Ein Fall für Ärzte, Hörgerät-Akustiker, senatorische Gesundheits- und Bildungsbehörde: Sie wollen die Kids für die Ohren sensibilisieren. Sonst ist der Pistolenknall irgendwann das letzte Geräusch, was es ohne Tinnitus-Gebrumm zu hören gab. „Take care of your ears“, heißt die frisch gestartete Ohr-Kampagne, die Bremen als kleinstes Bundesland als erstes flächendeckend umsetzten will.
Und damit die Aktion nicht an den Ohren der kids vorbeiläuft, wurden poppige Fernsehspots bei Viva und MTV geschaltet. Außerdem will man ab Herbst in die Schulen gehen: Fünfte Klasse, Musikunterricht. Ran an die Altersgruppe, die noch nicht diskoreif ist, um vom Gehör zu retten, was zu retten ist. 5.000 Unterrichtsmaterialien hat die Aktion bundesweit gesponsert. Kommt noch mehr Geld rein, sollen weitere Exemplare gedruckt werden, verspricht Ideengeber und Gründervater der Aktion Michael Strahl.

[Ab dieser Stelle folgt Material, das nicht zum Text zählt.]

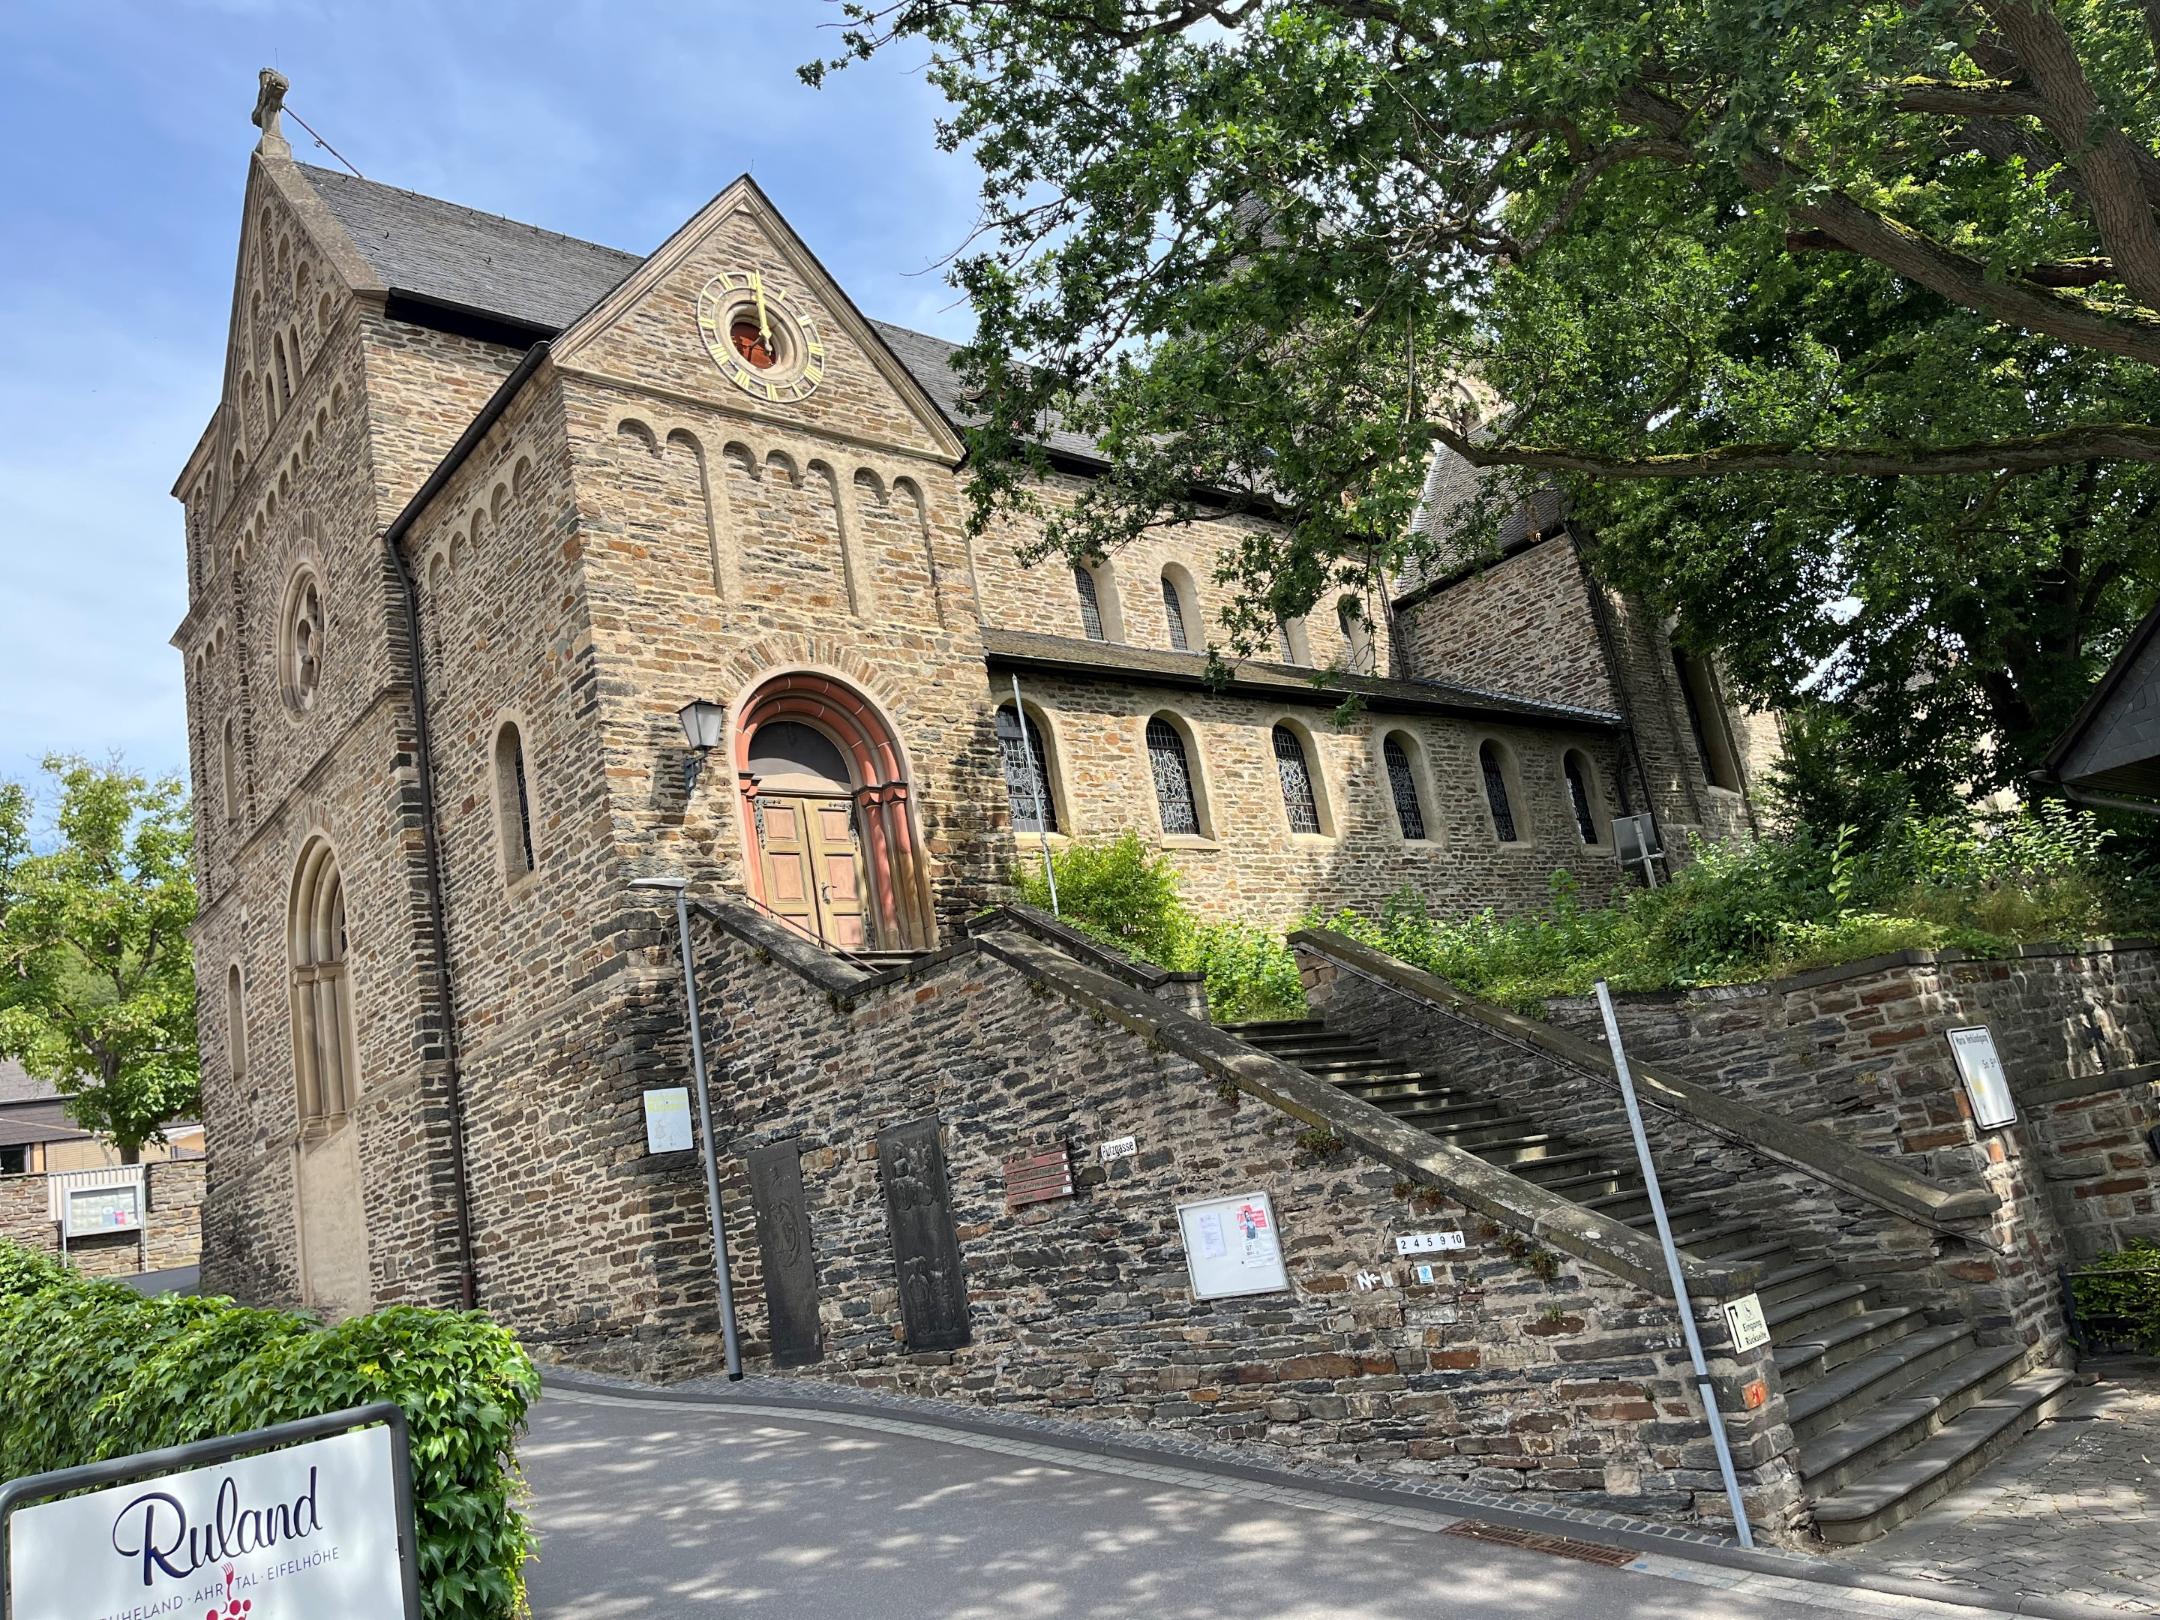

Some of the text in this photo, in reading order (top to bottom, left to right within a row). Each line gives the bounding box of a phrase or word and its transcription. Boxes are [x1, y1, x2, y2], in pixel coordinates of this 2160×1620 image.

[1401, 1234, 1462, 1250] 2 4 5 9 10
[112, 1466, 323, 1586] Ruland
[100, 1547, 340, 1620] HELAND AHR TAL EIFELHÖHE

In Bremen will das Bildungsressort die Kampagne „so schnell wie möglich umsetzen“. Bereits gestern gingen die ersten Fax-Einladungen an Bremens Musiklehrer für die Sekundarstufe I raus. Mitte Juni will das Bildungsressort eine Fortbildung im Landesinstitut für Schule (LiS) anbieten, um die Musiklehrer einzustimmen auf das sensible Organ.
„Take care of your ears“ will die kids „emotional“ an die Ohren heran führen. Über Klanggärten zum Beispiel. Oder einfach Stille erfahrbar machen. Mit Verboten hat Michael Strahl allerdings nichts im Sinn. Rockkonzerte sind auch für künftige Generationen noch drin, aber bitte mit Stöpseln in den Ohren. Schließlich würden „Hör-Berufe“ wie im Call-Center heute immer wichtiger.
Glücklich über die Kampagne ist auch die Ärztekammer in Bremen: „Wenn wir Krankheiten verhindern können, ist es immer am günstigsten“, sagt Präsidentin Ursula Auerswald. Derzeit sollen rund 16 Millionen Menschen unter Hörschäden leiden. In ein paar Jahren könnten es 22 Millionen sein – fast jeder vierte Bundesbürger.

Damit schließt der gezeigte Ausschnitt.